The amendments within this bill support COVID-19 and bushfire recovery and provide a better customer experience for the people of New South Wales through amendments to the Privacy and Personal Information Protection Act 1998, the Health Records and Information Privacy Act 2002, the Liquor Act 2007 and various amendments relating to the Personal Injury Commission. In relation to the privacy amendments, the amendments to the Privacy and Personal Information Protection Act 1998 and the Health Records and Information Privacy Act 2002 reflect a public commitment from the Government in response to the NSW Bushfire Inquiry. The exemption will mean that people will only have to tell their story once to receive assistance from a range of agencies, local councils and NGOs that support people during and after natural disasters and emergencies. This will increase the efficiency of disaster response.
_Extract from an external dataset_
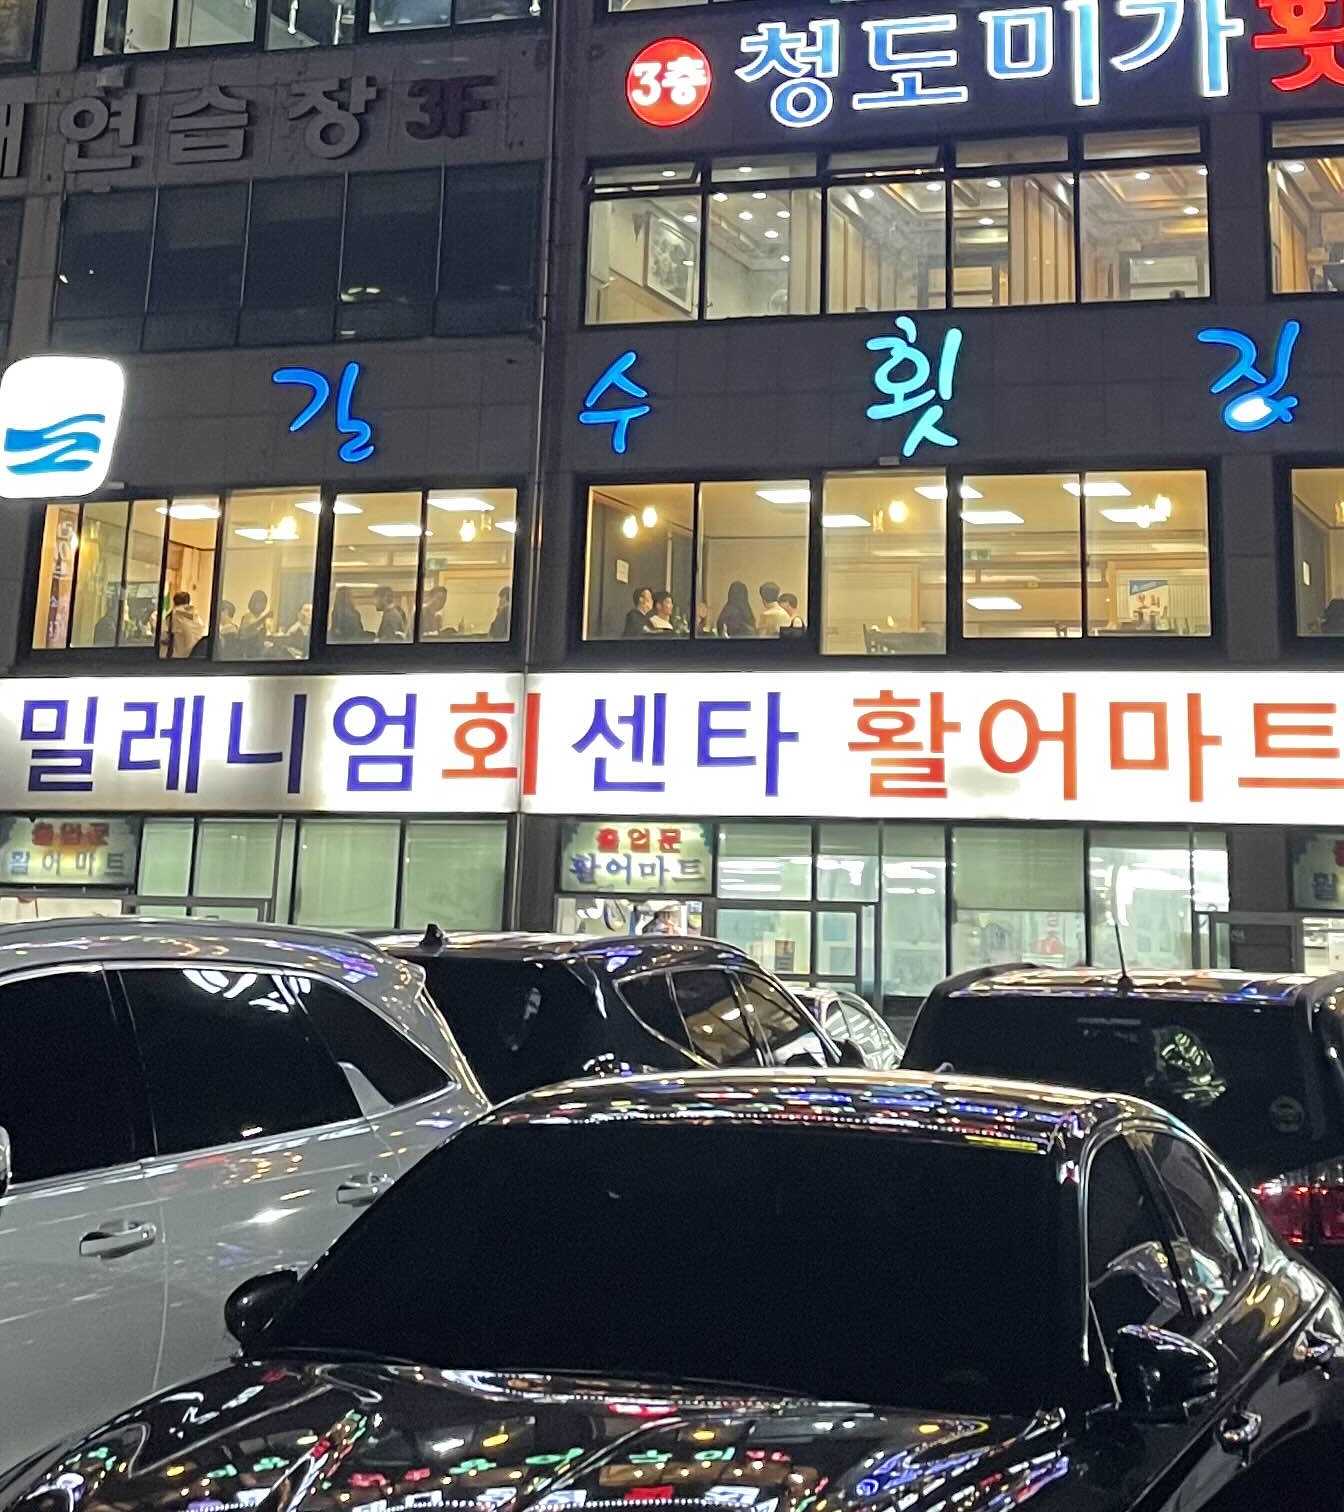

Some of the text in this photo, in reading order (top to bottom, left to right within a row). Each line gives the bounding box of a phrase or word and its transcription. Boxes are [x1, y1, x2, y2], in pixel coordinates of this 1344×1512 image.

[404, 75, 491, 141] 3F
[628, 59, 709, 106] 3층
[19, 691, 799, 797] 밀레니엄회센타
[569, 854, 706, 886] 활어마트
During the March 2021 floods information sharing and the provision of services to disaster-affected people were significantly delayed as a result of putting in place complex agreements, even when people had opted in to sharing their information. What is the information that is to be shared? The exemption allowing for information sharing is limited. The information can only be shared when it is reasonably necessary to assist in a stage of an emergency. Hopefully that addresses the concerns of the member for Wagga Wagga. For example, only information such as contact details and eligibility needs will be shared to an agency providing mental health services, not complete patient records. It is the bare minimum. "Emergency" is defined under the State Emergency and Rescue Management Act 1989, which limits the operation of the exemption to situations where there has been an actual or imminent occurrence that endangers or threatens to endanger the safety or health of New South Wales residents, or destroys or threatens to destroy or damage property in New South Wales, being an emergency that requires a significant and coordinated response.
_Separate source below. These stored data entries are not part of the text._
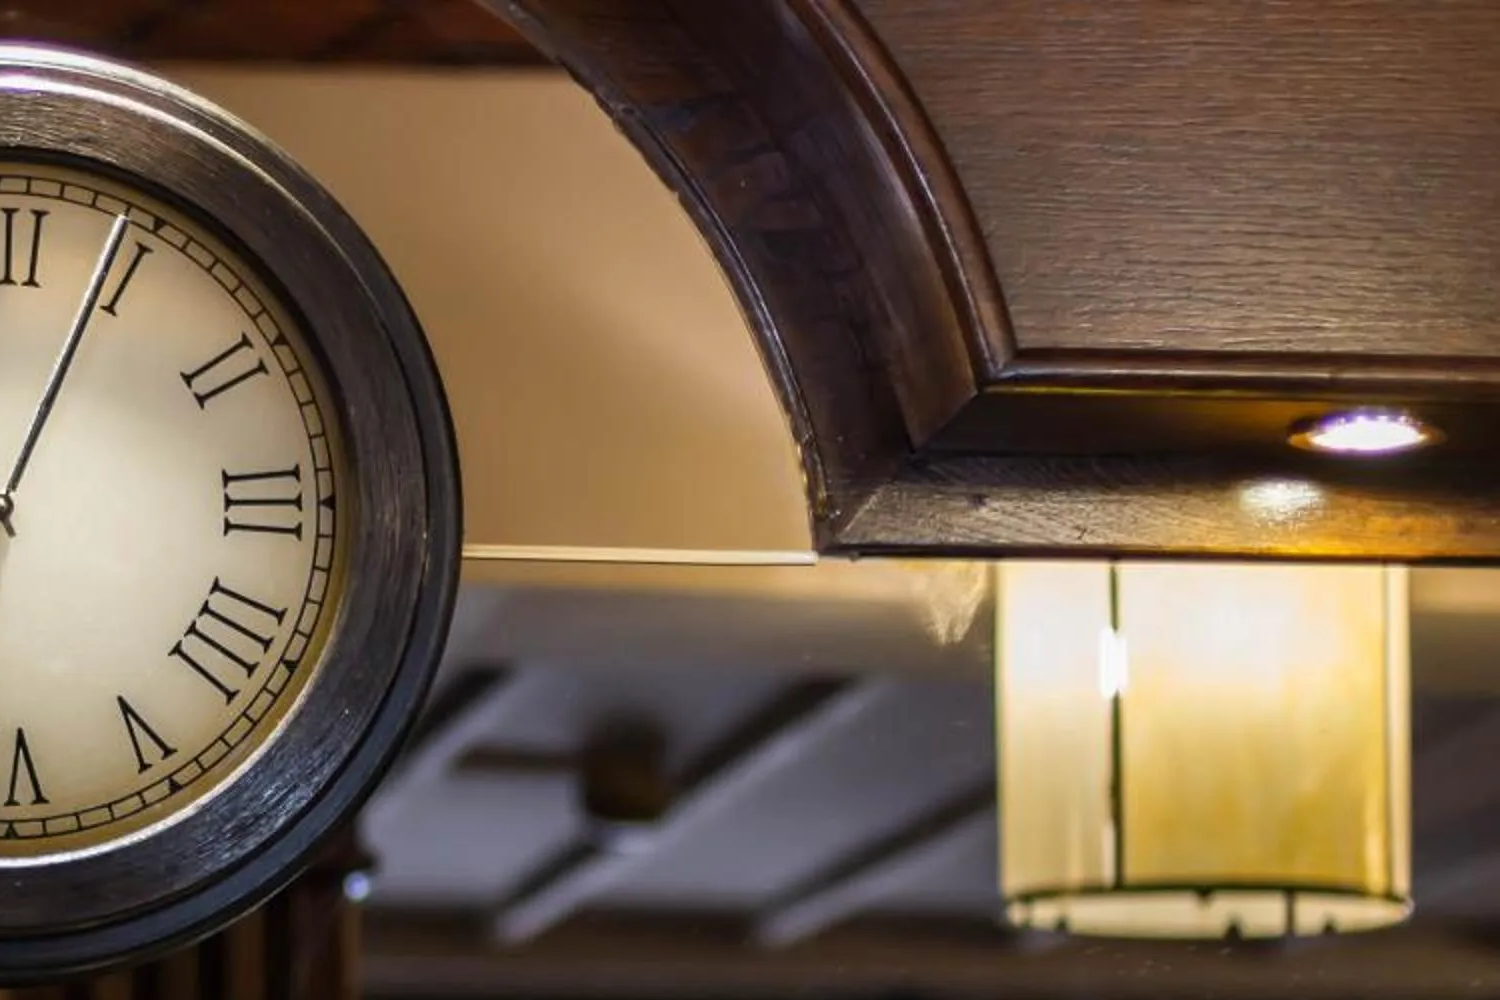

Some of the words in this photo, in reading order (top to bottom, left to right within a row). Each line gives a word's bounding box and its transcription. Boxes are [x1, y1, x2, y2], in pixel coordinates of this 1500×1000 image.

[180, 333, 270, 410] II
[222, 464, 302, 540] III
[169, 577, 288, 706] IIII
[118, 695, 178, 774] V
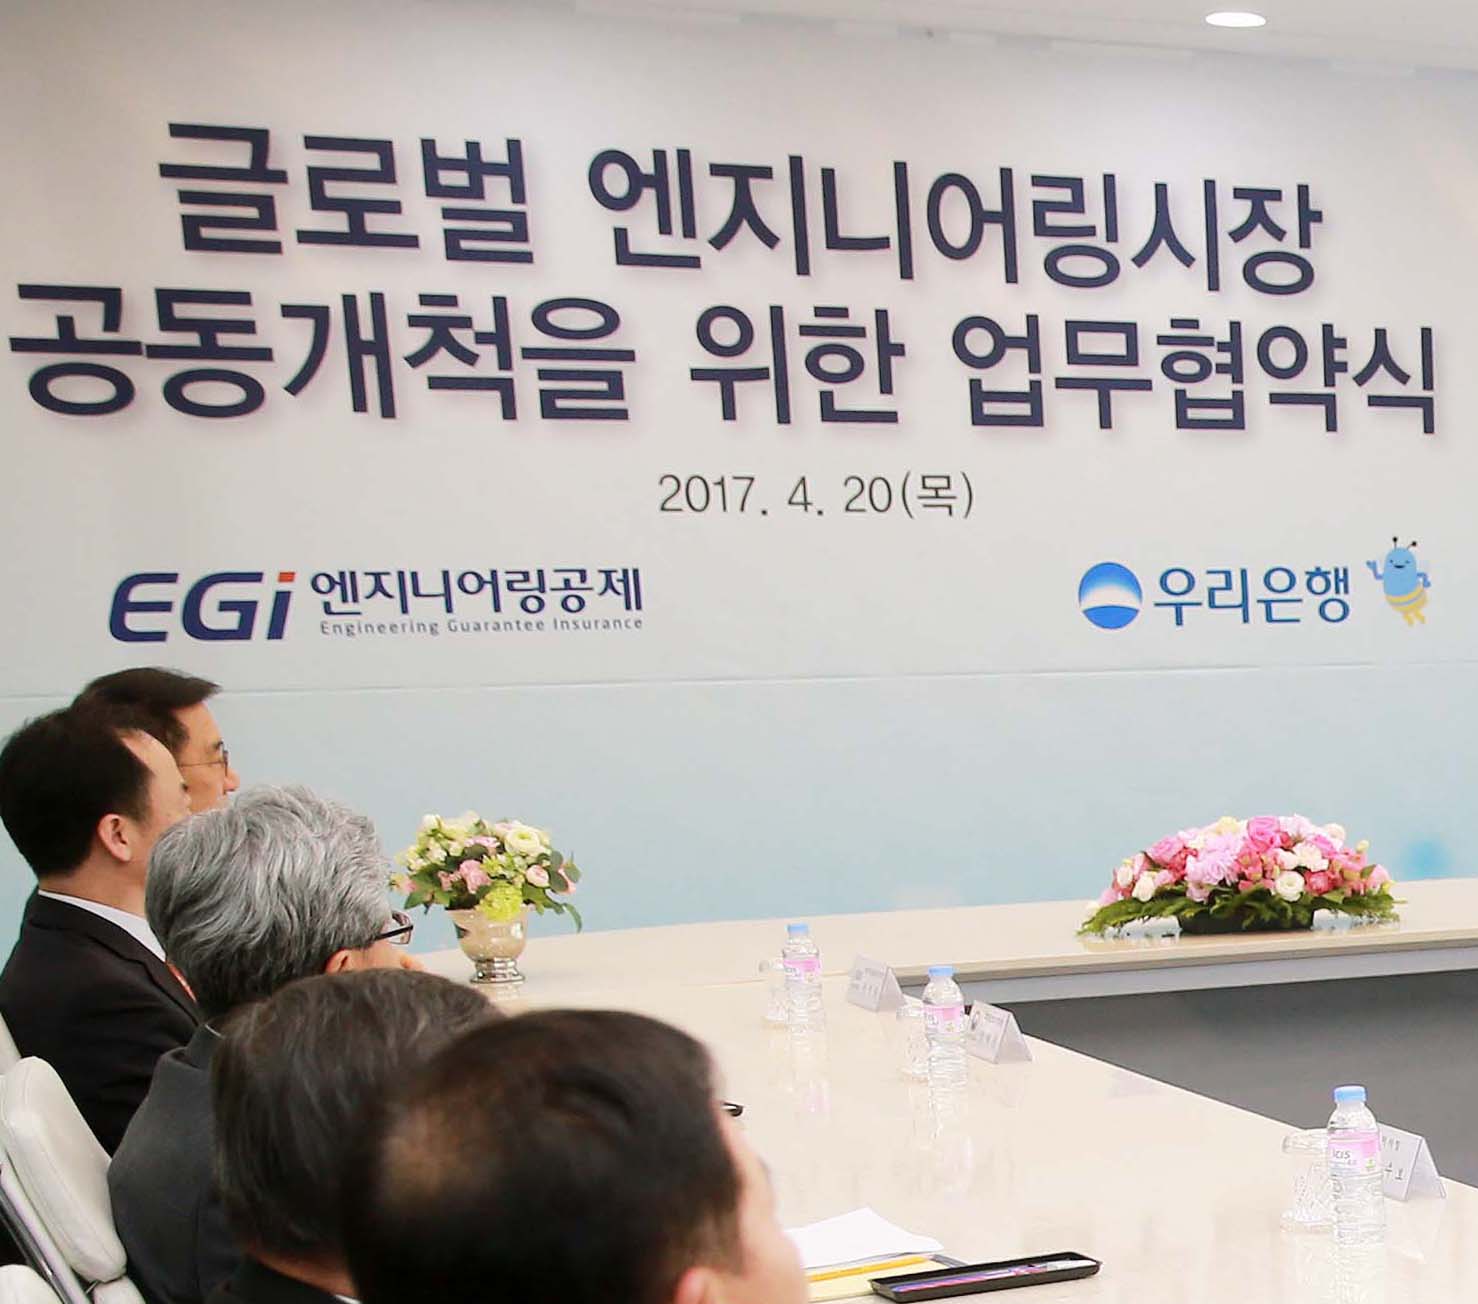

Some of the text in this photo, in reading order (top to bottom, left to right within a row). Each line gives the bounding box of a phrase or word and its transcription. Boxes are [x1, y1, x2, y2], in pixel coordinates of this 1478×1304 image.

[158, 121, 1323, 296] 글로벌 엔지니어링시장
[8, 282, 1437, 435] 공동개척을 위한 업무협약식
[657, 471, 974, 519] 2017. 4. 20(목)
[310, 567, 644, 616] 엔지니어링공제
[1152, 566, 1352, 627] 우리은행
[320, 616, 644, 637] Engineering Guarantee Insurance
Reflecting on what the member for Wagga Wagga said, I completely understand and agree. When it comes to preparation and prevention, there is a longer time span. We are dealing with emergency situations when this would occur. Like the member for Wagga Wagga and other speakers before him, I was there for the aftermath of the fires and I saw firsthand how frustrating it was for so many people who were having to tell their story time and time again. They do not differentiate between government service agencies; they think it is one government and it is sharing this information anyway. They do not understand that this is a government agency, this is a government agency and this is a government agency. I can understand the frustration. In fact, I call this process trauma. People go through the trauma of the fire and then they go through the process trauma of dealing with different agencies that focus on themselves rather than on the people who have experienced these horrible events.
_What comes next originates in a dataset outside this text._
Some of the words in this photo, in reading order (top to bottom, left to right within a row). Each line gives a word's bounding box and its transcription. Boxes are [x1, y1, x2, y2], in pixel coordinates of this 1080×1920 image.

Importantly, the exemption is available in the various stages of an emergency as defined, which enables information to be shared during the recovery phase. The qualified nature of the exemption means that it will only apply in limited circumstances. Agencies would only share information where it is reasonably necessary to support New South Wales residents during disasters. Again, we have significantly consulted with Commissioner Shane Fitzsimmons in relation to this. In relation to the safeguards, Resilience NSW will develop policy guidelines in consultation with the privacy commissioner for approval by the State Emergency Management Committee. These guidelines will incorporate advice for agencies on when use of the exemption would be appropriate. It would include guidance on when sharing might be considered reasonably necessary to assist.

On the issue of seeking consent, in the majority of circumstances Resilience NSW would be able to gain consent from a disaster-affected person to share their information. However, the bill enables assistance to be provided in circumstances where that is simply not possible. For example, the exemption from seeking consent would enable emergency services to expedite the provision of specialist transport to evacuate residents with specific mobility needs safely and quickly when a bushfire is rapidly approaching residential areas. In this situation emergency services will not have time to seek consent to share the information with specialist transport services that are delivered by other government agencies or local non-government organisations. Guidance on the appropriate use of the exemptions, including dealing with situations such as where a person has expressly advised that their information should not be shared, can be addressed in the policy guidelines. The policy guidelines are being developed by Resilience NSW in consultation with the privacy commissioner for endorsement by the State Emergency Management Committee.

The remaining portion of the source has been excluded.